(Collected data)
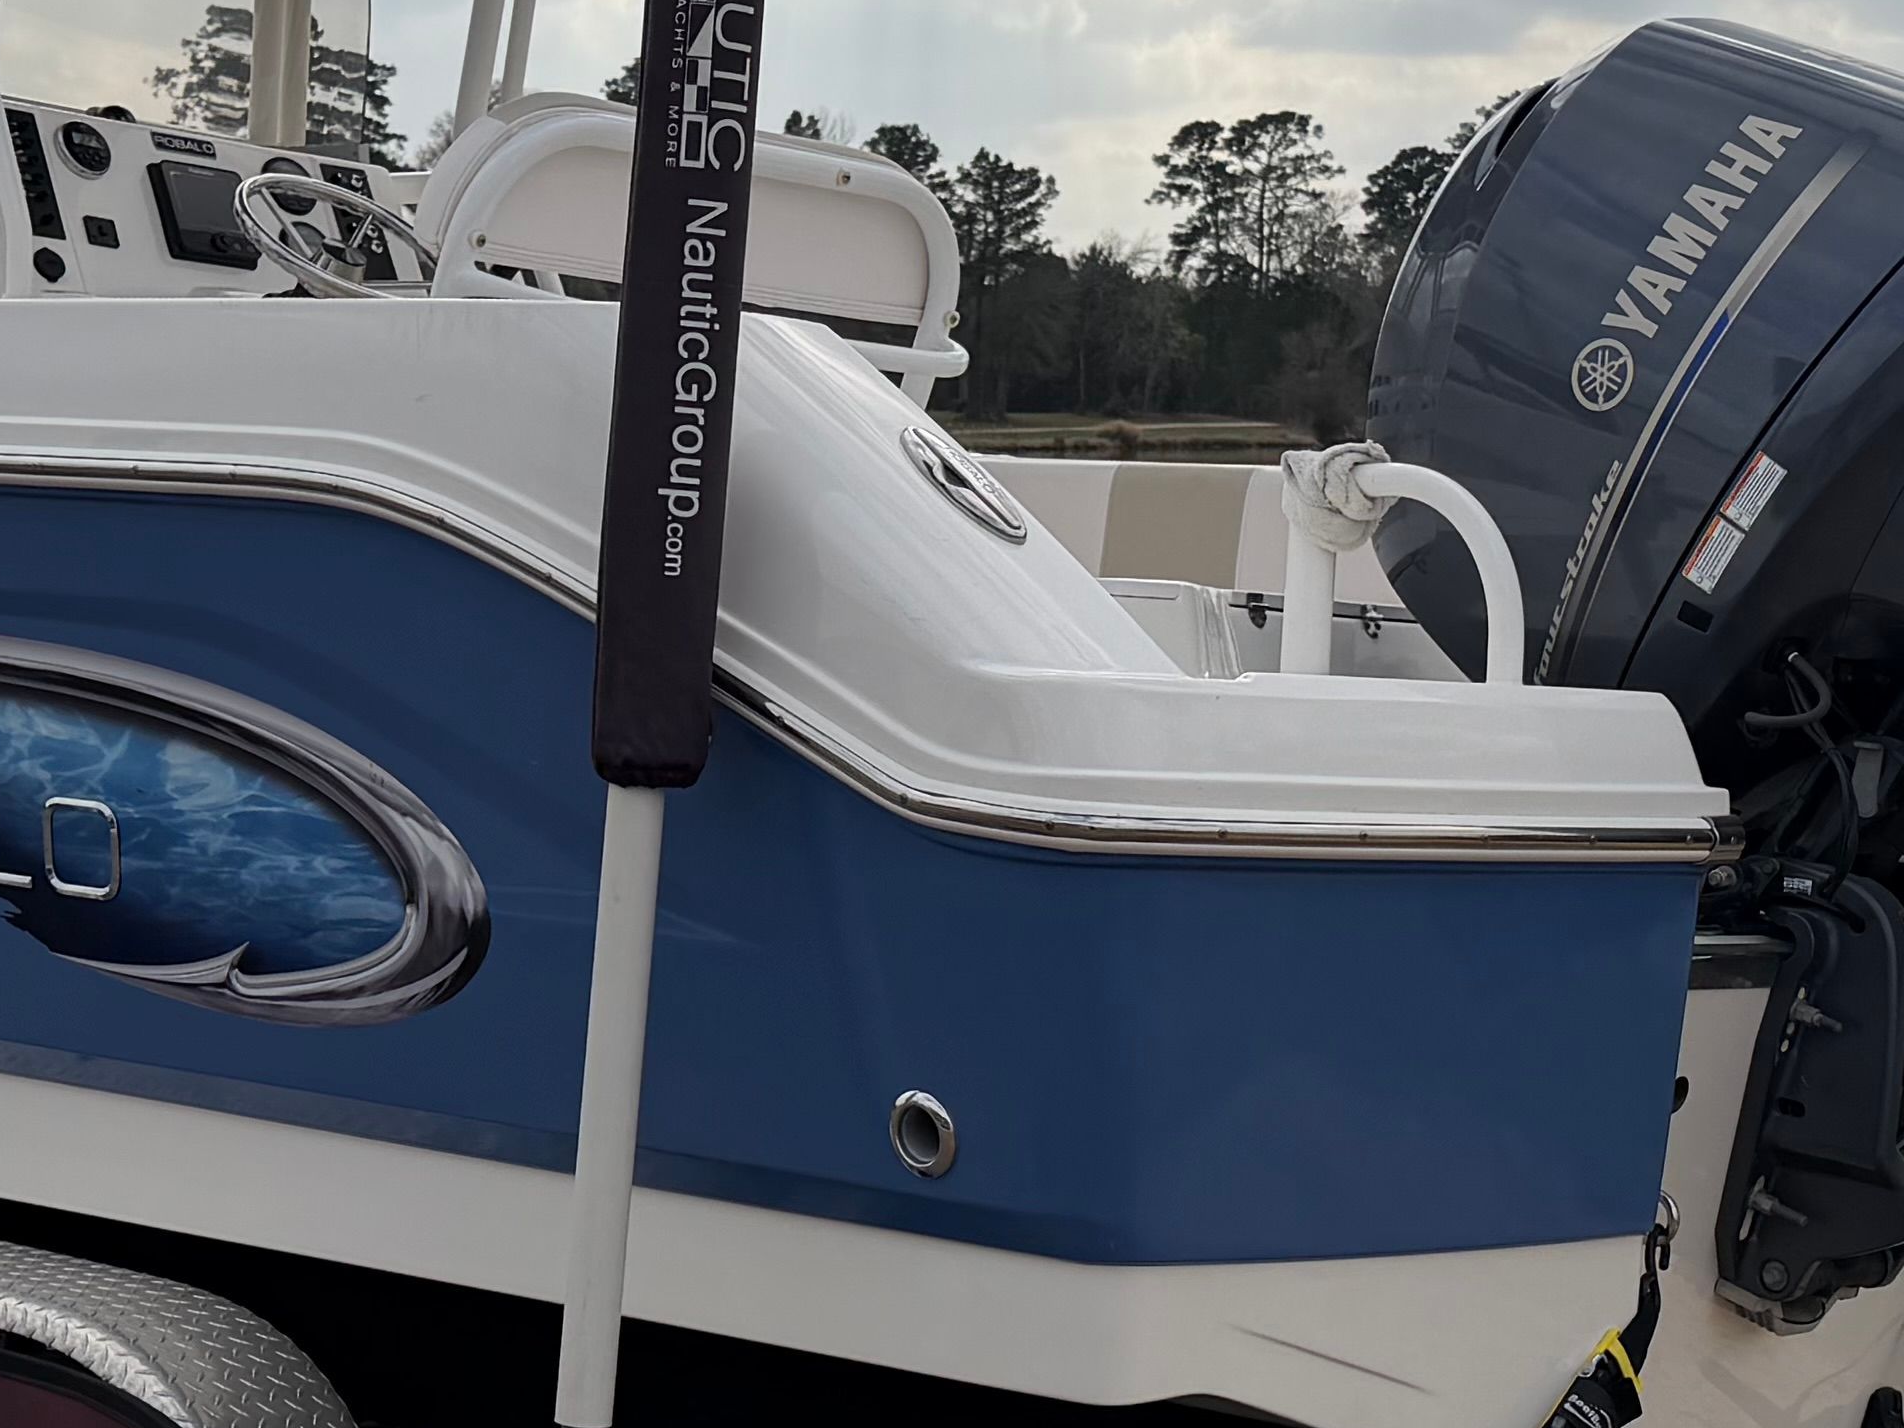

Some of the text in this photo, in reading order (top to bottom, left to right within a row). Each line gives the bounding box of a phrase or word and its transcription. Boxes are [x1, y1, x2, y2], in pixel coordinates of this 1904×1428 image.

[665, 105, 680, 168] MORE
[669, 81, 682, 93] &
[1600, 114, 1804, 340] YAMAHA
[657, 196, 729, 578] NauticGroup.com
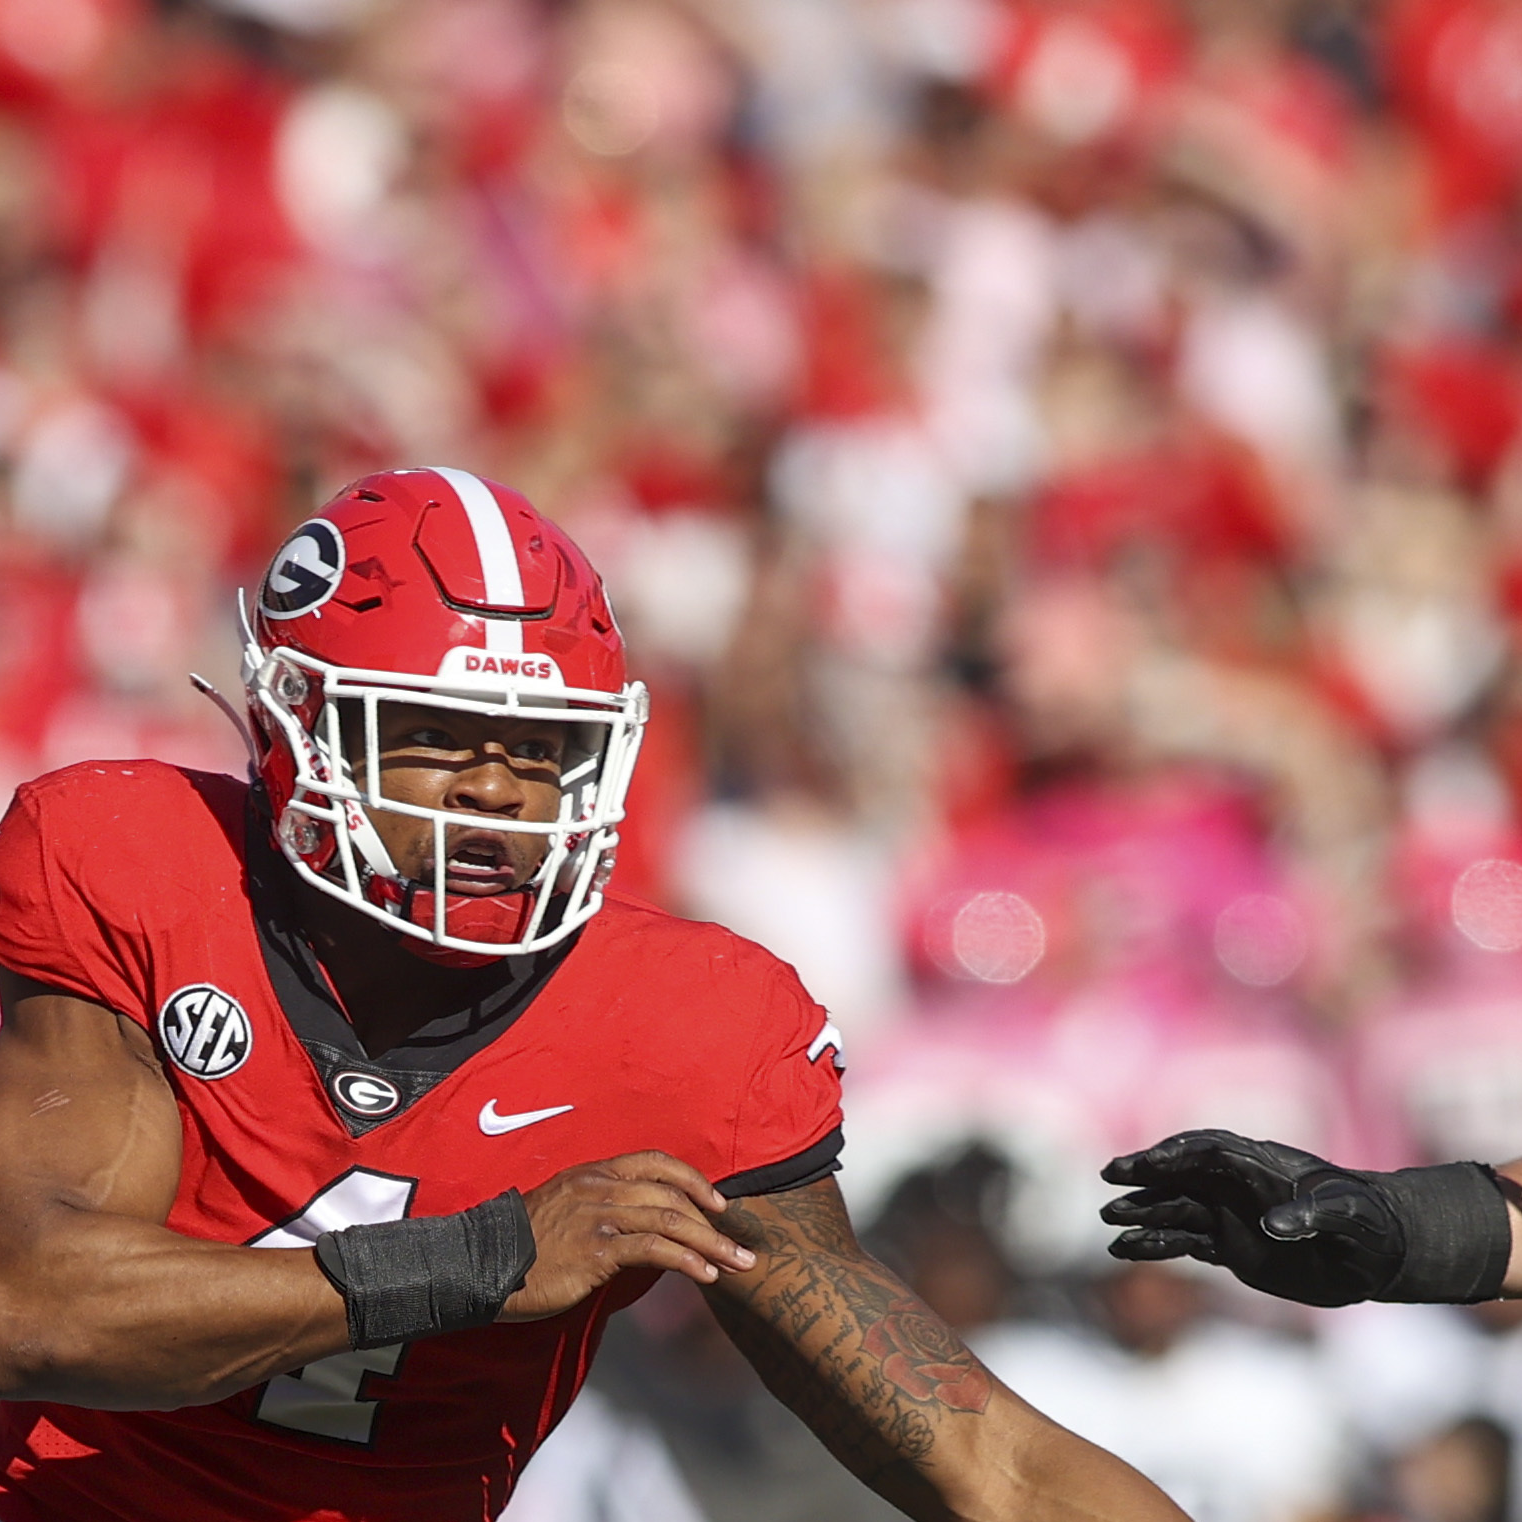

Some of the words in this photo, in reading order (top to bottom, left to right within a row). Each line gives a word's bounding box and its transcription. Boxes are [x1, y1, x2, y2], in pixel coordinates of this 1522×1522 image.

[258, 518, 346, 620] G
[465, 655, 552, 679] DAWGS
[166, 990, 246, 1073] SEC
[334, 1073, 398, 1114] G
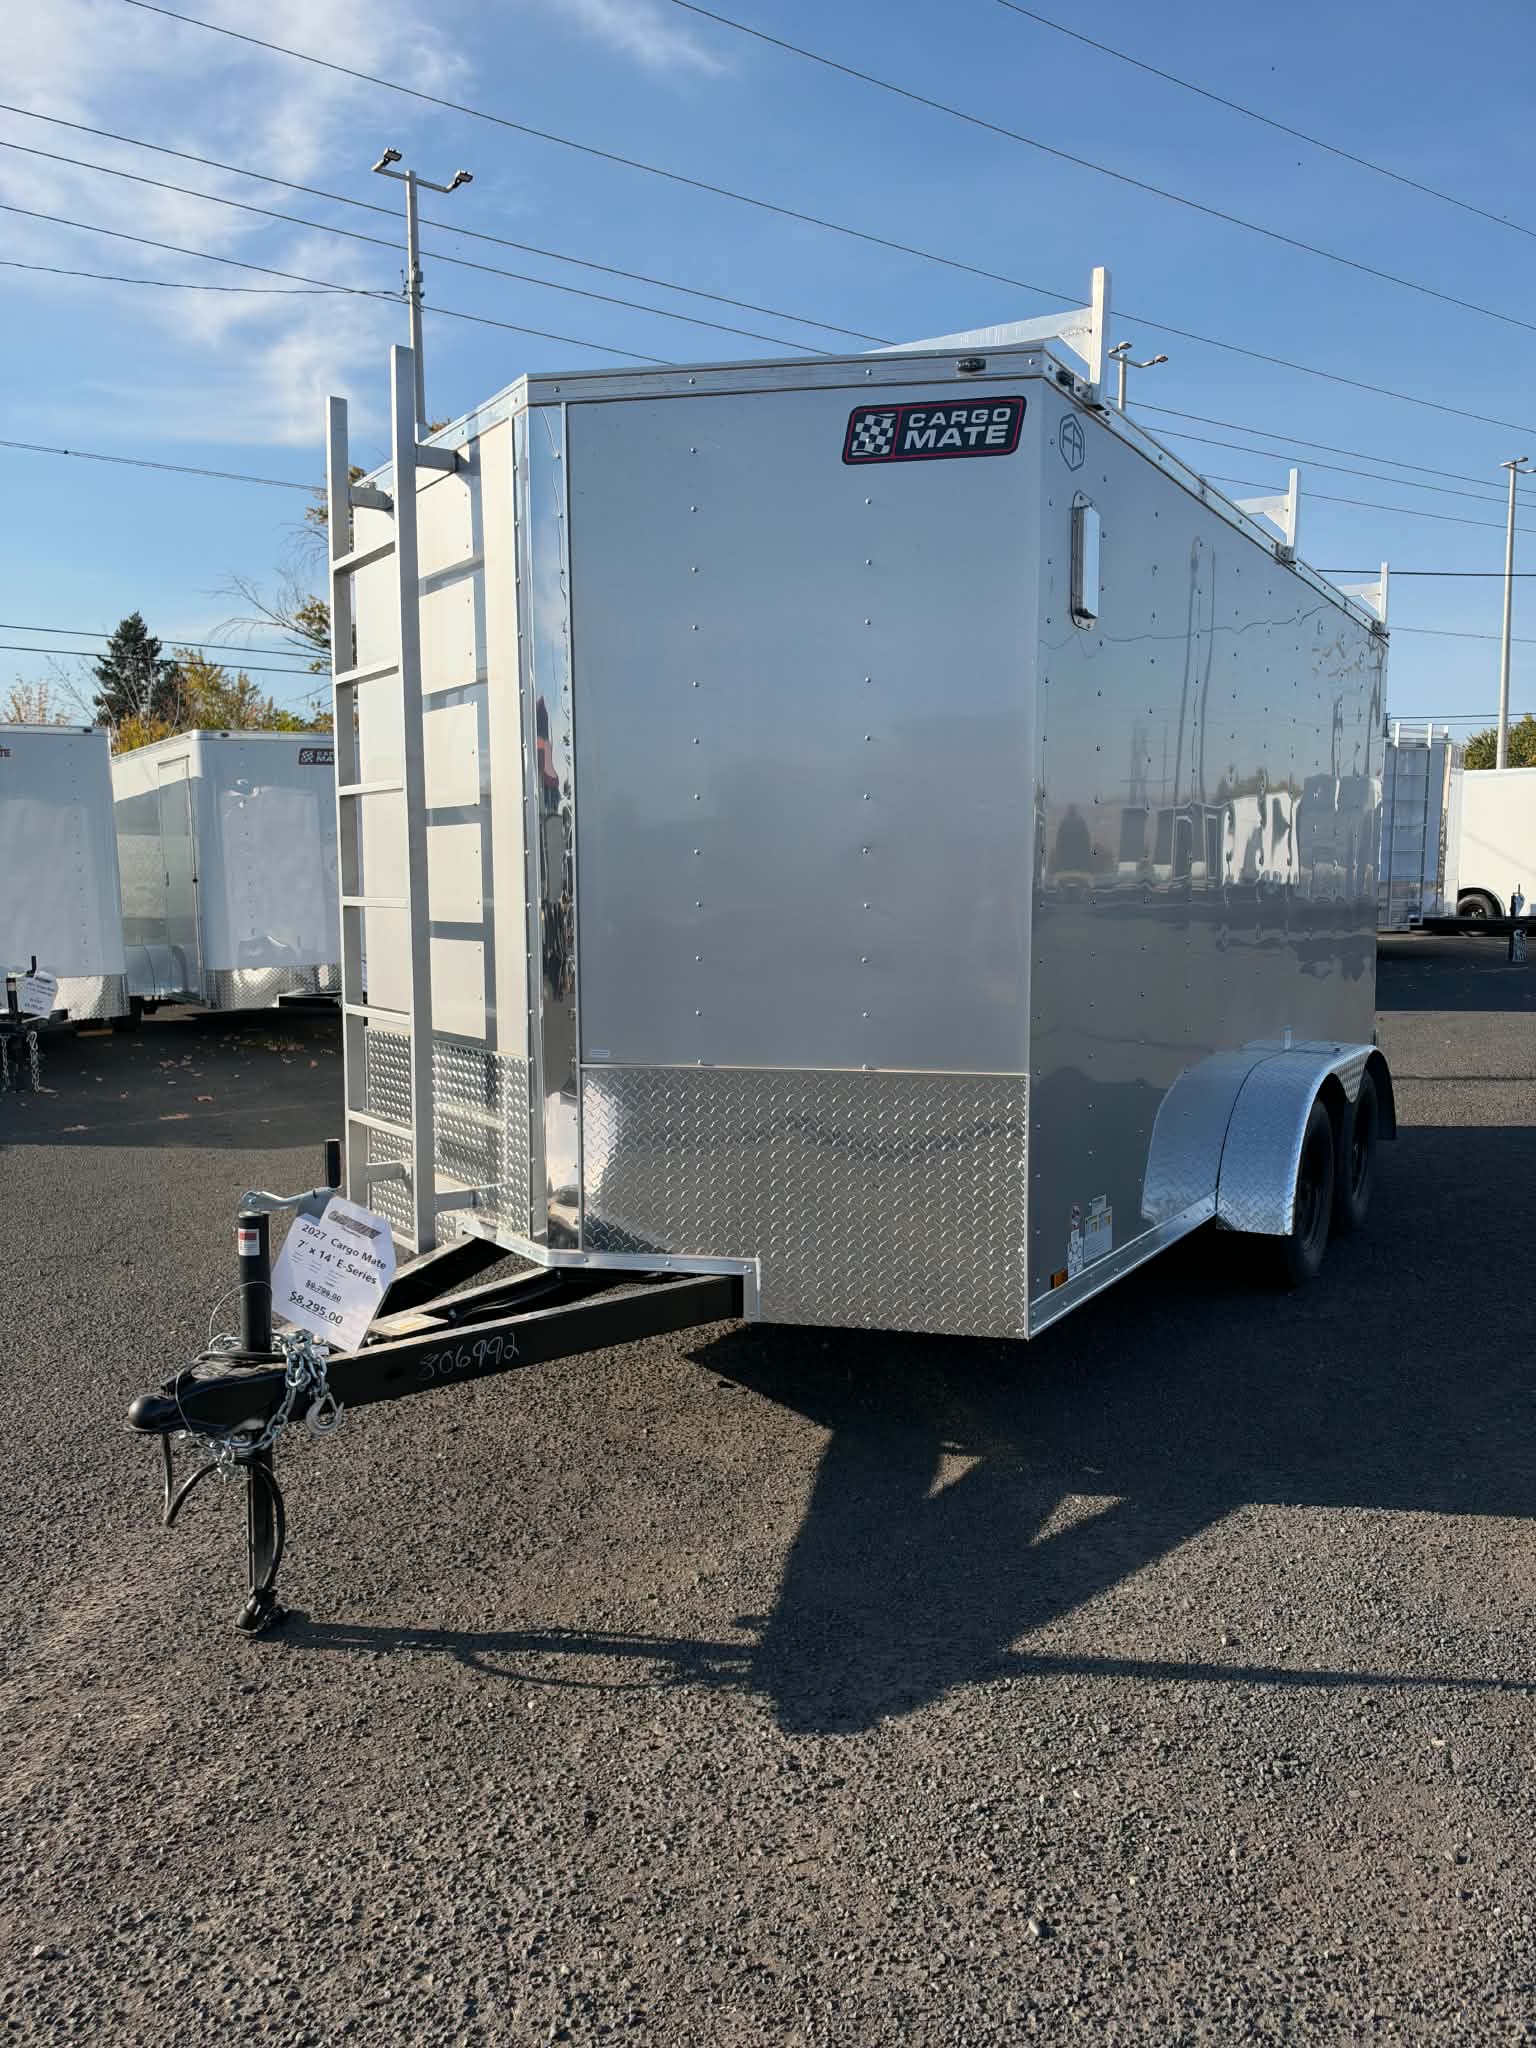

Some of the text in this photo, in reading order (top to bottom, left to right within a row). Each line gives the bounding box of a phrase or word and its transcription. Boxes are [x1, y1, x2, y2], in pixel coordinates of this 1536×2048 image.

= Exercise description =
Each record above must be retyped exactly, minus its pictures.

= Response to the exercise =
Some of the text in this photo, in reading order (top to bottom, left to right within a row). Each line gives the bounding box of a phrase or word and its transcription. Boxes are [x1, y1, x2, y2], in pixel coordinates of this 1904×1428 image.

[665, 105, 680, 168] MORE
[669, 81, 682, 93] &
[1600, 114, 1804, 340] YAMAHA
[657, 196, 729, 578] NauticGroup.com

Some of the words in this photo, in reading order (top to bottom, left to right within a row). Each line gives a word's bounding box and its transcription. Boxes are [x1, y1, x2, y2], in pixel coordinates of this 1522×1522 image.

[258, 518, 346, 620] G
[465, 655, 552, 679] DAWGS
[166, 990, 246, 1073] SEC
[334, 1073, 398, 1114] G

Some of the text in this photo, in reading order (top to bottom, left to right within a row). Each line gives the bounding box of a phrase or word and its transcription. Boxes are [x1, y1, x2, y2], in pixel coordinates of this 1536×2048 image.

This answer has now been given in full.